RICHMOND, Va. (WRIC) — Five Richmond Public Schools will become child care facilities during the fall virtual semester. 

In a virtual meeting Monday night, the school board approved Superintendent Jason Kamras’ recommendation to open five RPS buildings for emergency child care.

The school system is moving forward with a fully virtual semester, which has presented challenges for some parents. Public comment was read at the meeting, like this letter from a single mother who does not have the option of working from home. “I can’t imagine paying what little bit of hourly wage I am making for child care,” the letter read.

Superintendent Kamras presented the board with results from a survey conducted by the city. Out of 1300 responses, about 800 RPS parents said they do not have child care plans. “I think it is clear that there are many families in Richmond this evening who are facing very difficult circumstance this fall,” said Kamras.

RPS recommended that Martin Luther King Middle, Holton Elementary, Huguenot High, Miles Jones Elementary and Blackwell Elementary open to about 100 students each for child care.

The City of Richmond is taking the lead on the emergency child care program. The child care will not be provided by RPS employees, but instead by churches, non-profits or other local organizations that can meet certain health and safety requirements.

Mayor Levar Stoney said $3 million in CARES Act funding has been set aside, which will make the service free to some families who qualify.

The City said two-thirds of the open spots will be made available for free for students who qualify for SNAP, TANF, Medicaid and other similar programs.
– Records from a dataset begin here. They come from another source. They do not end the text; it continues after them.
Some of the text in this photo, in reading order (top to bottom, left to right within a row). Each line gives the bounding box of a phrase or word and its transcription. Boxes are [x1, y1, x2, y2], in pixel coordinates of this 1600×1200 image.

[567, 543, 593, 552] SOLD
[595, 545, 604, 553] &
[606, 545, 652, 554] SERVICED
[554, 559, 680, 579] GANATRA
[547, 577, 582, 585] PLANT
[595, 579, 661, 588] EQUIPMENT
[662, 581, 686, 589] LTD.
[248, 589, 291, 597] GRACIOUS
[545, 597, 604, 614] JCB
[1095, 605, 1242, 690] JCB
One parent 8News spoke with is worried her children will not get selected, as there are 500 open spots total and she is not an essential worker who will get first priority. 
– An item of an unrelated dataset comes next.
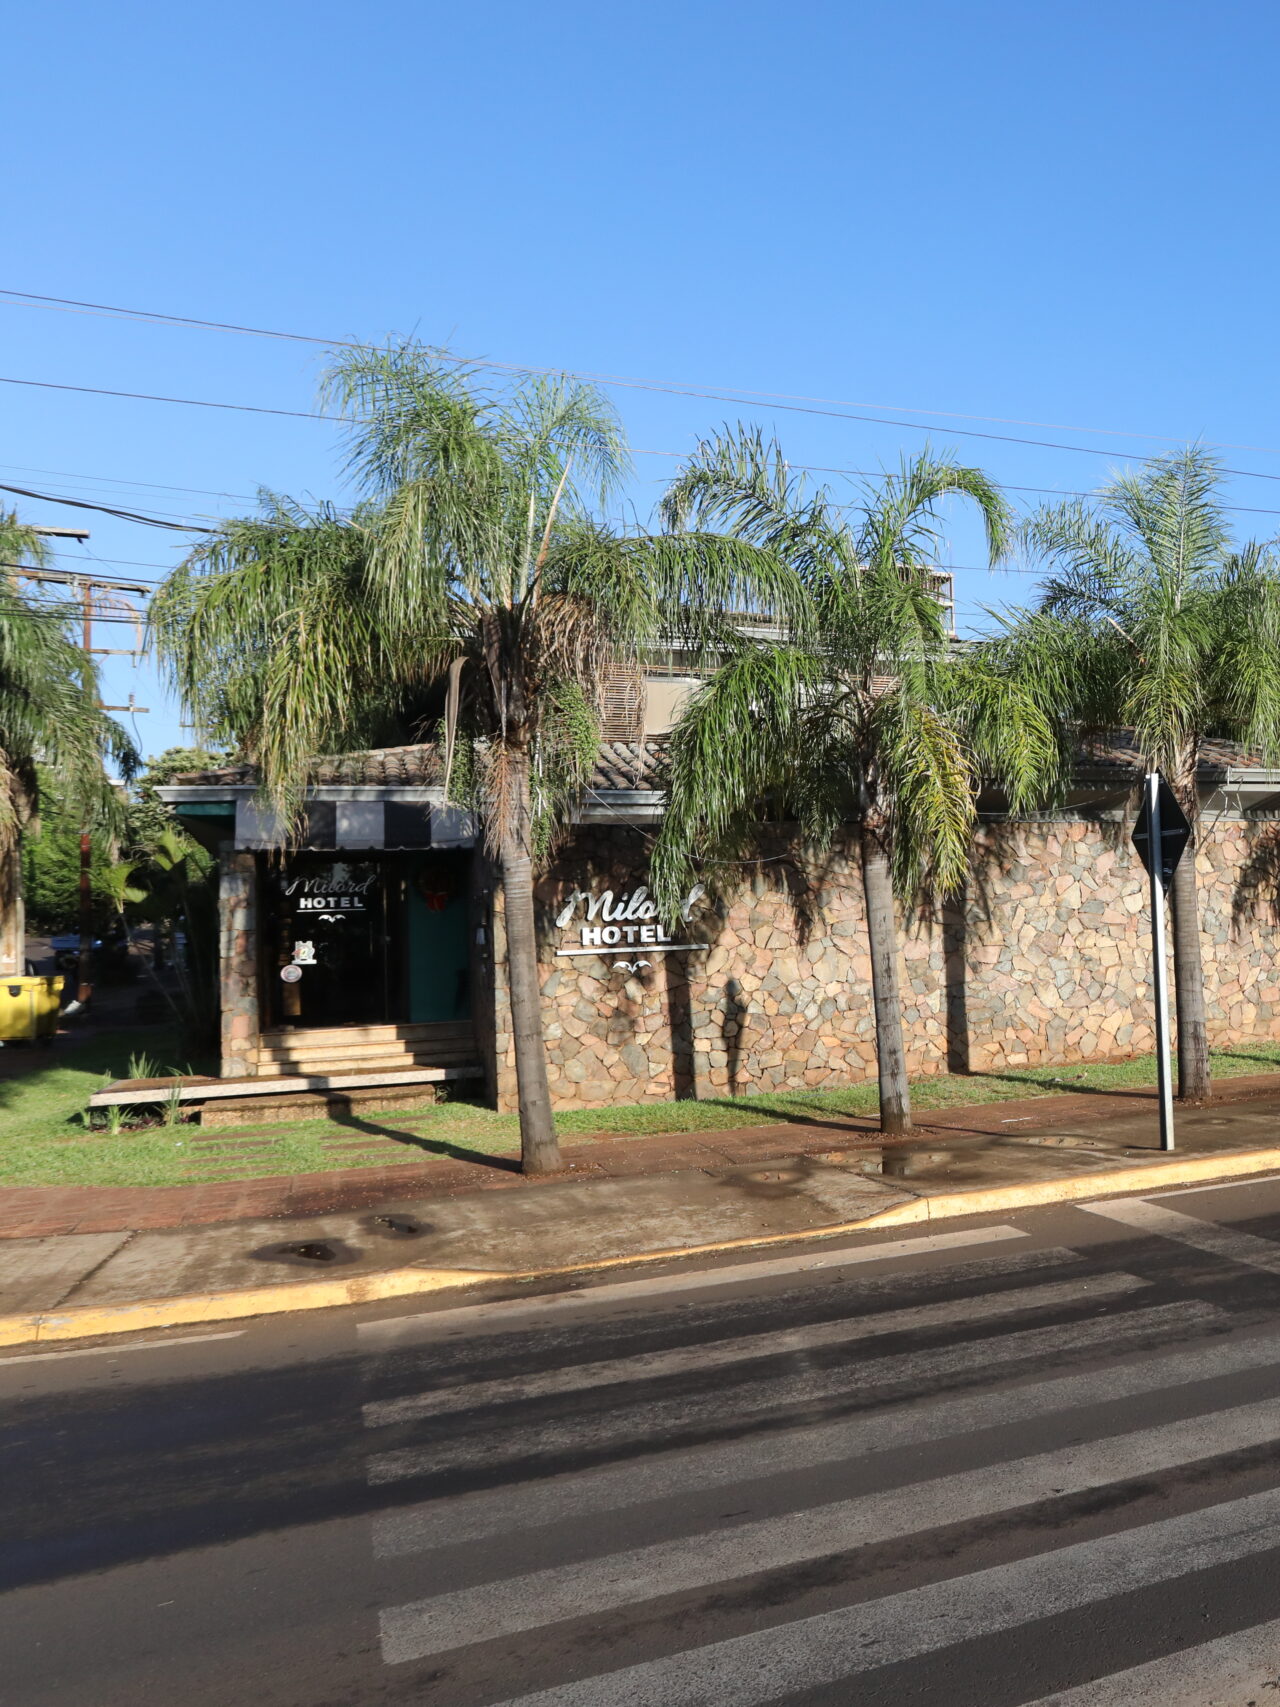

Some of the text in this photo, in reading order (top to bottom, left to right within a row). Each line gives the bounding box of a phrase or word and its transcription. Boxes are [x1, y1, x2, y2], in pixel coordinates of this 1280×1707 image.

[285, 874, 376, 895] Milord
[300, 897, 363, 908] HOTEL
[555, 883, 706, 927] Milod
[582, 925, 672, 946] HOTEL
“What we’re proposing is that essential workers would be prioritized but it would not be exclusively for essential workers,” Kamras said.
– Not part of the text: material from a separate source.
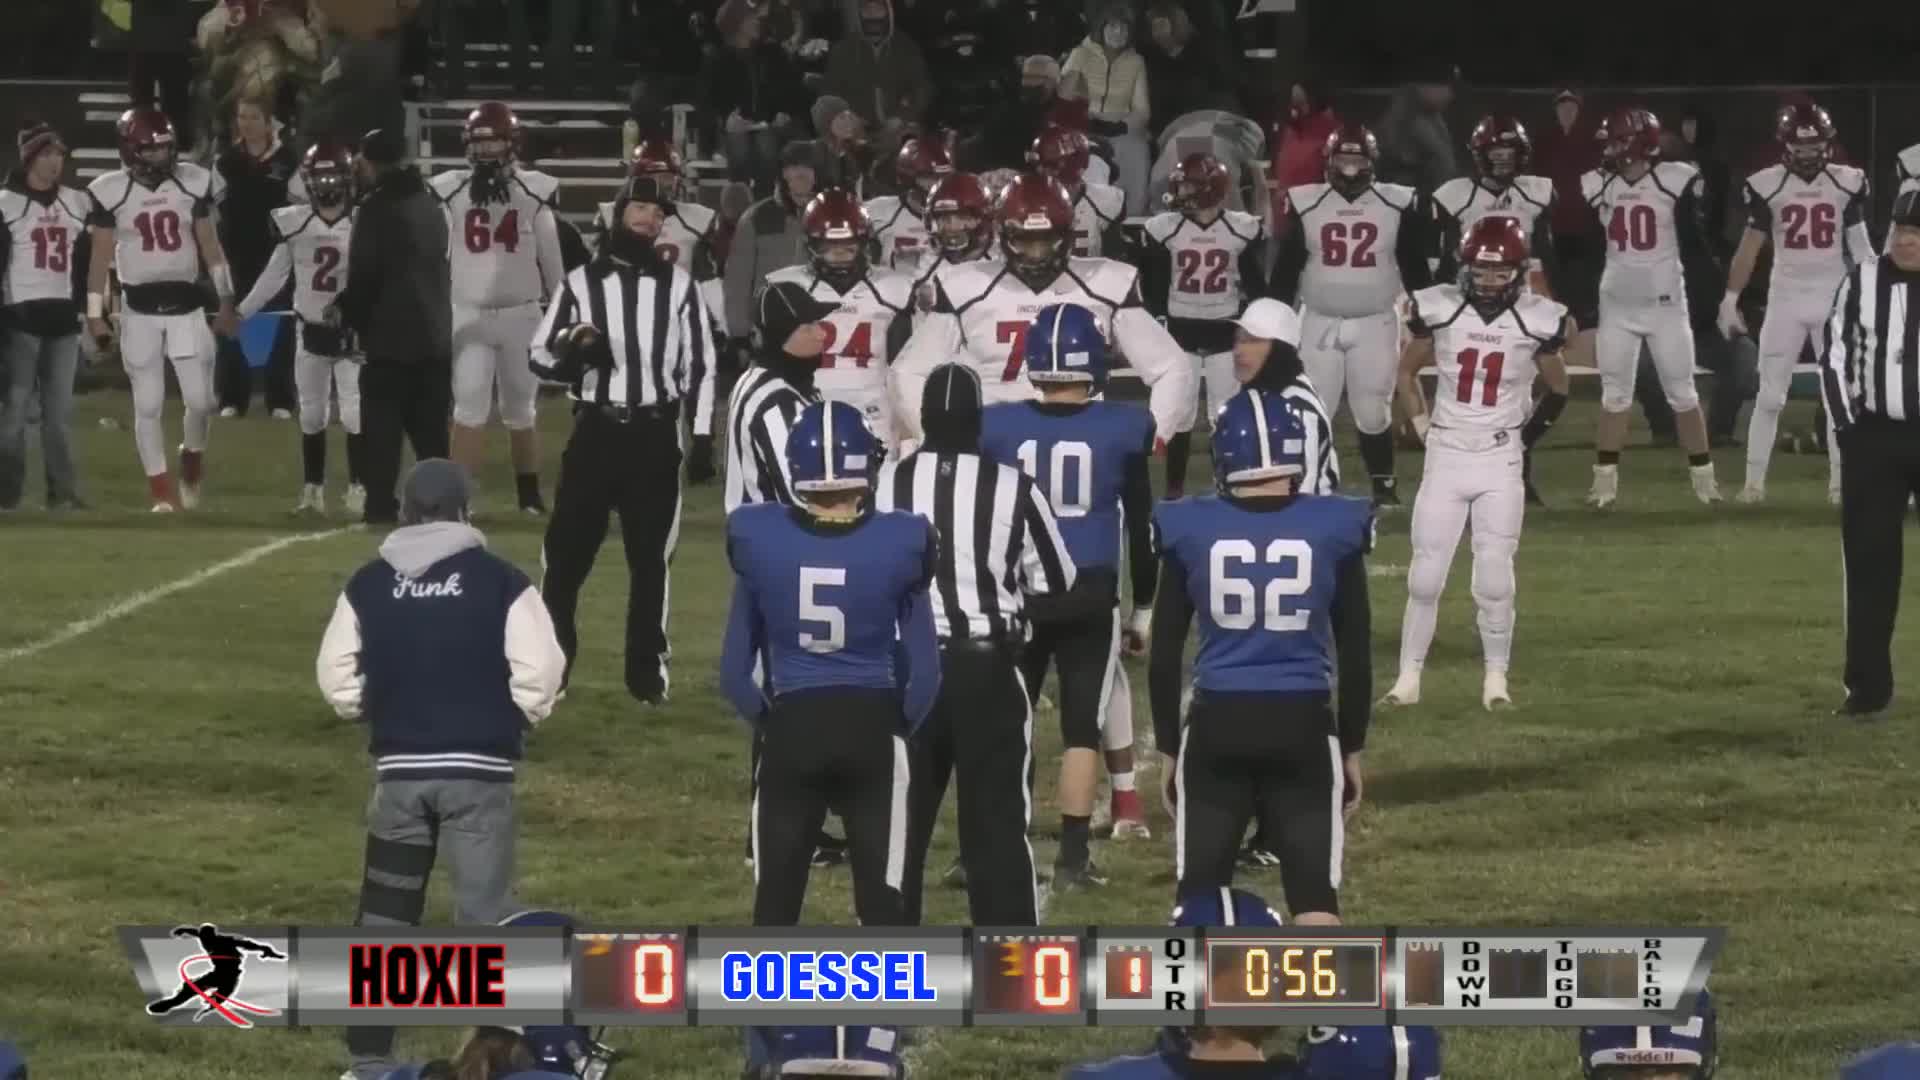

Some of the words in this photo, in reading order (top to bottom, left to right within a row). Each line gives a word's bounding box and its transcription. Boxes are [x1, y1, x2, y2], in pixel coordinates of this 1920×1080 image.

In the end, six members approved the schools opening for child care. “Our families are hurting and if we delay this decision, this will have a huge impact on our families who are greatly in need,” school board member Dawn Page said. 

Board Members Scott Barlow and Kenya Gibson abstained from voting, saying there was not enough information. 

“I’m incredibly disappointed that we are in a position where we’re essentially voting on something with very little information. the information that I’m requesting is not excessive by any means,” Gibson said.

Kamras said the child care will likely take a couple more weeks to get up and running. The first day of school is Tuesday, Sept. 8.